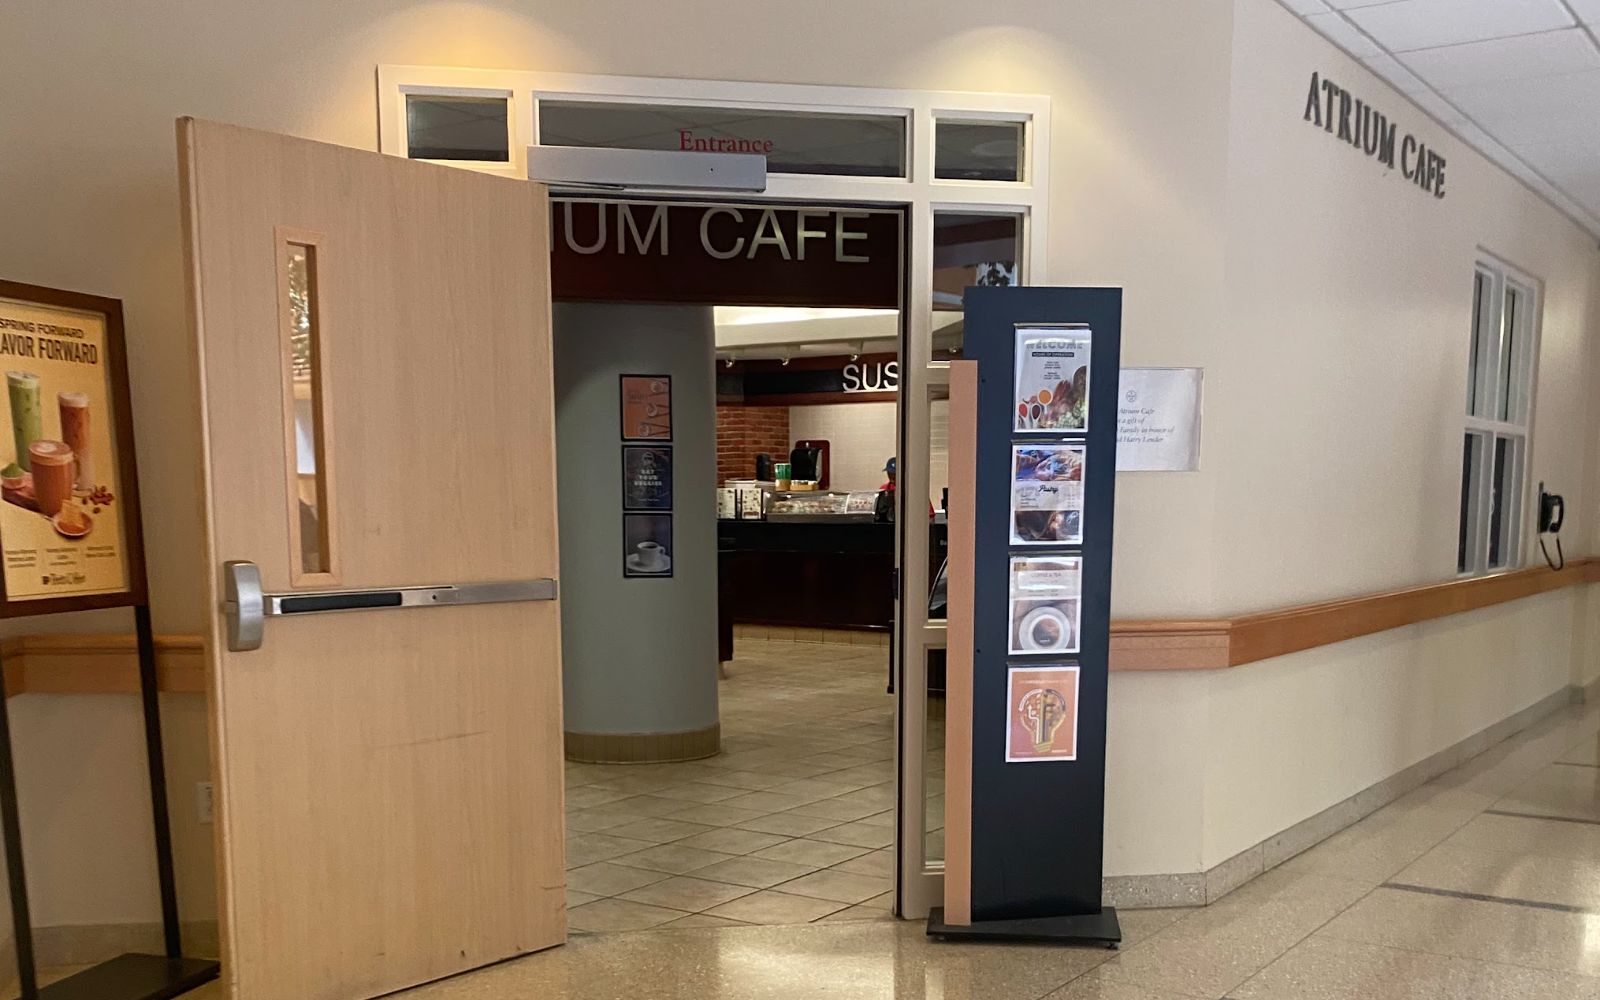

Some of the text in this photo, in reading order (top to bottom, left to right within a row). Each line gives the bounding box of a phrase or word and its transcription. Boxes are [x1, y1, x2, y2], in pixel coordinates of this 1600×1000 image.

[678, 128, 774, 153] Entrance
[1303, 71, 1447, 200] ATRIUM CAFE
[699, 206, 870, 263] CAFE
[38, 324, 84, 339] FORWARD
[38, 337, 98, 364] FORWARD
[842, 361, 898, 391] SUS
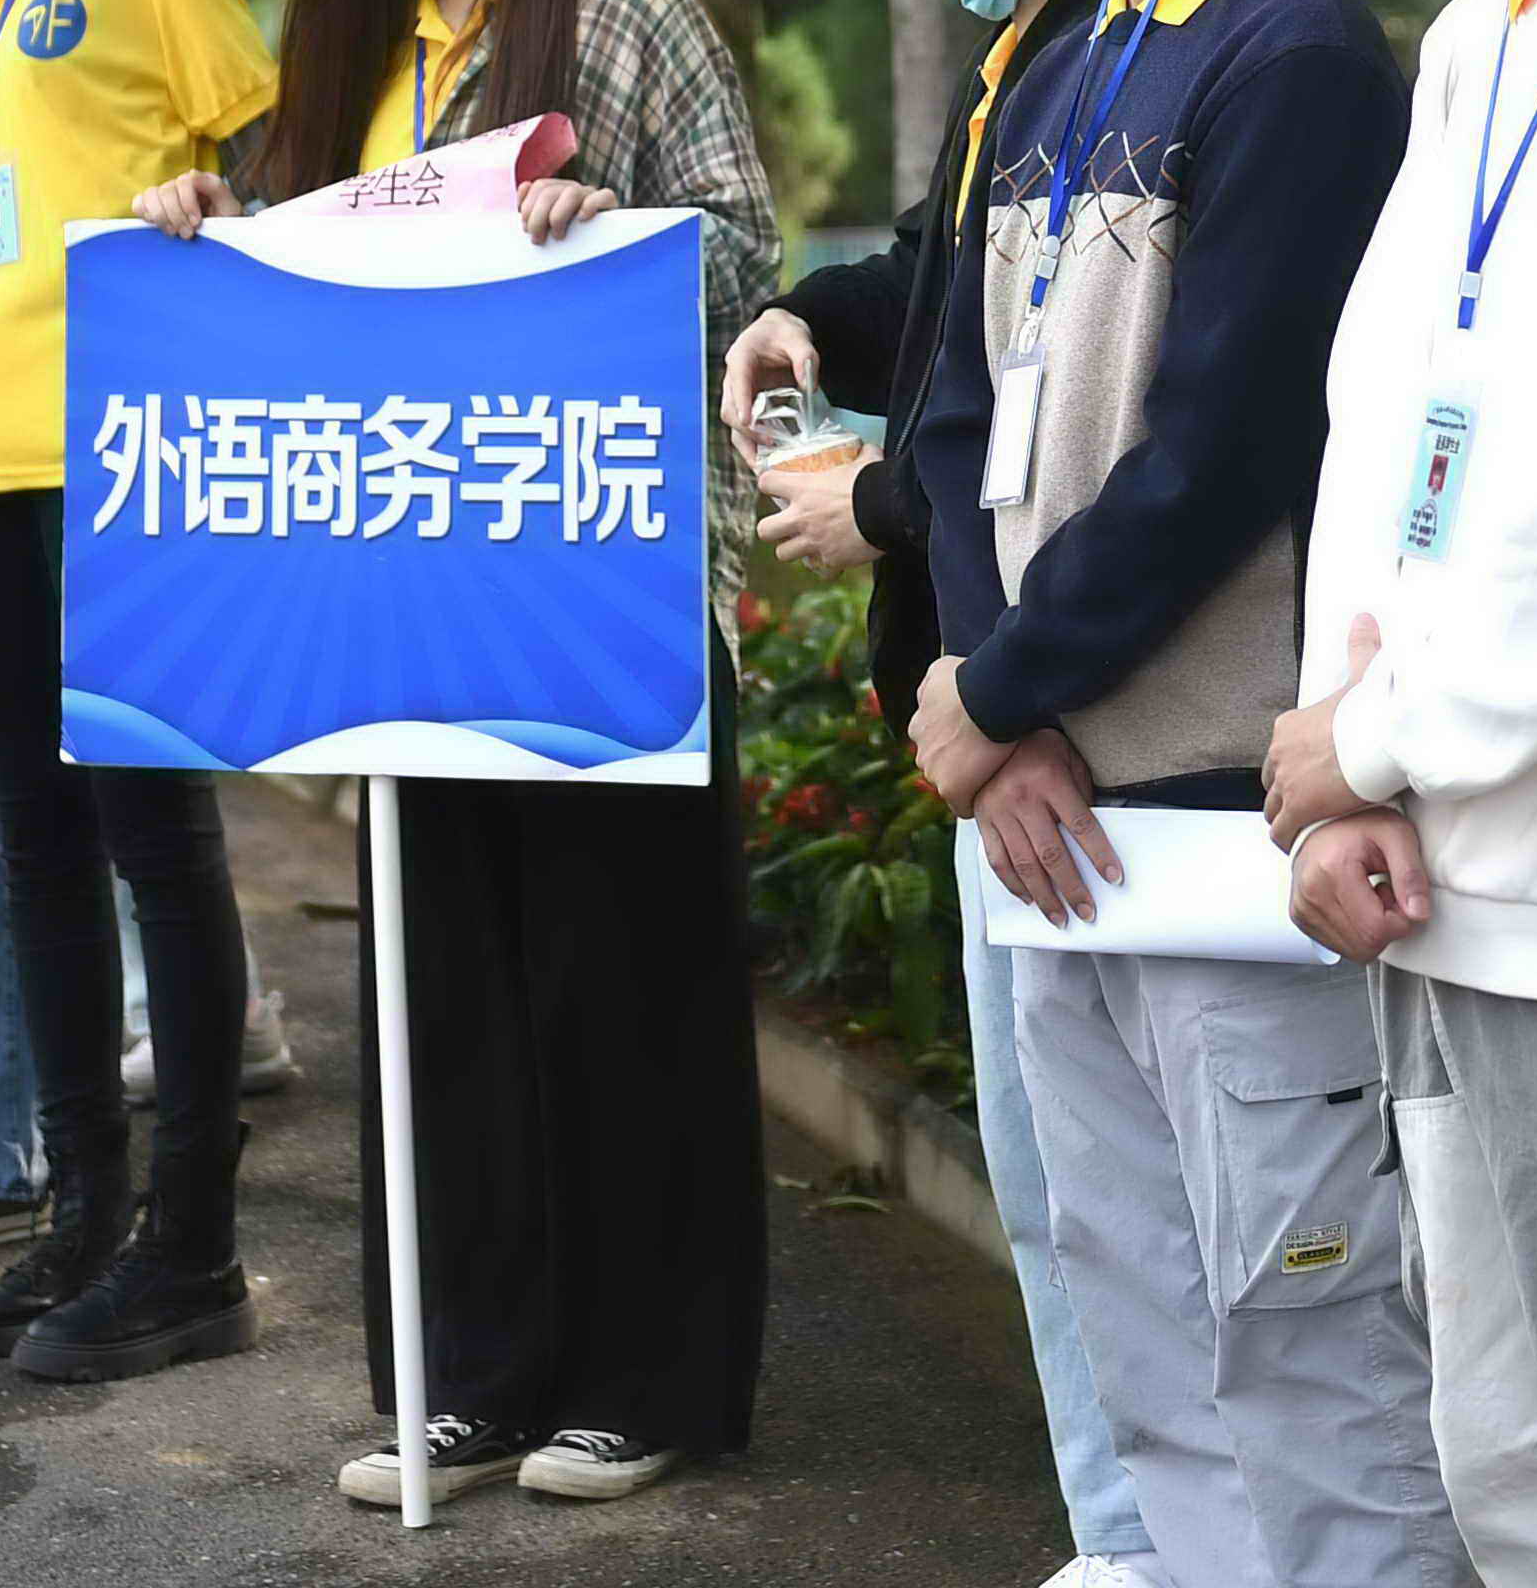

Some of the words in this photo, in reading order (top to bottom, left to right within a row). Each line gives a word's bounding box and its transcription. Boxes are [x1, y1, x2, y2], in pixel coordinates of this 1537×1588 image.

[338, 159, 445, 210] 学生会
[93, 393, 666, 543] 外语商务学院
== == ==
PROBLEM DETAILS → Each entry should appear again exactly as written, pictures excluded.

RESULT BELOW →
Some of the text in this photo, in reading order (top to bottom, left to right within a row). Each line gives the bounding box of a phrase or word and its transcription. Boxes are [x1, y1, x2, y2], in pixel coordinates of this 1600×1000 image.

[678, 128, 774, 153] Entrance
[1303, 71, 1447, 200] ATRIUM CAFE
[699, 206, 870, 263] CAFE
[38, 324, 84, 339] FORWARD
[38, 337, 98, 364] FORWARD
[842, 361, 898, 391] SUS

Some of the words in this photo, in reading order (top to bottom, left to right within a row). Each line gives a word's bounding box and its transcription. Boxes are [x1, y1, x2, y2], in pixel coordinates of this 1537×1588 image.

[338, 159, 445, 210] 学生会
[93, 393, 666, 543] 外语商务学院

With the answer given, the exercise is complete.